▸ **AIM OF THE TASK**
Leaving the pictures aside, return the listing exactly as it appears.

▸ **SOURCE MATERIAL**
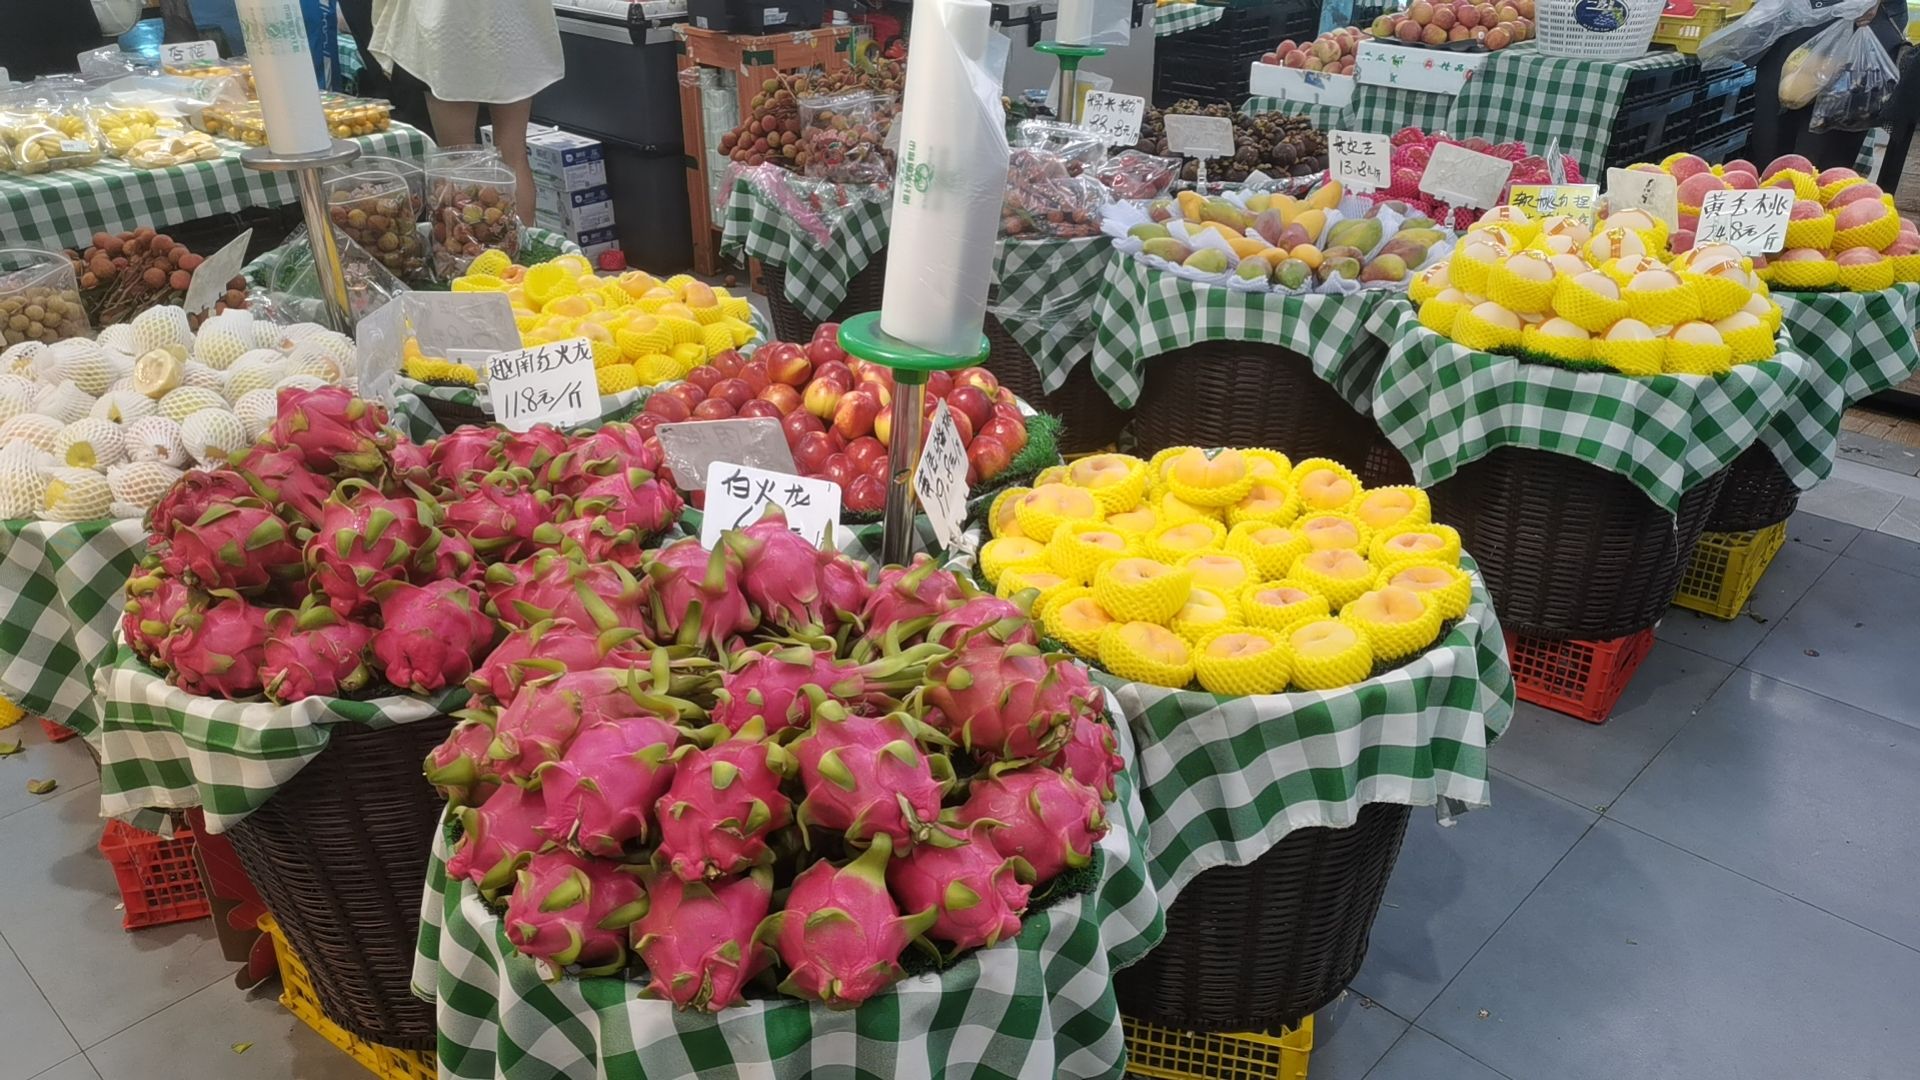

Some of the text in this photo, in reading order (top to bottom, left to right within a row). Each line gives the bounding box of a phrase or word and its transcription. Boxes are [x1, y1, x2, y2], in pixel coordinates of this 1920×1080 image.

[1703, 191, 1789, 219] 黄毛桃
[1697, 221, 1779, 250] 24.8元/斤
[488, 341, 593, 381] 越南红火龙
[504, 380, 582, 419] 11.8元/斤
[721, 468, 811, 508] 白火龙

▸ **TASK SOLUTION**
Some of the text in this photo, in reading order (top to bottom, left to right within a row). Each line gives the bounding box of a phrase or word and its transcription. Boxes are [x1, y1, x2, y2], in pixel coordinates of this 1920×1080 image.

[1703, 191, 1789, 219] 黄毛桃
[1697, 221, 1779, 250] 24.8元/斤
[488, 341, 593, 381] 越南红火龙
[504, 380, 582, 419] 11.8元/斤
[721, 468, 811, 508] 白火龙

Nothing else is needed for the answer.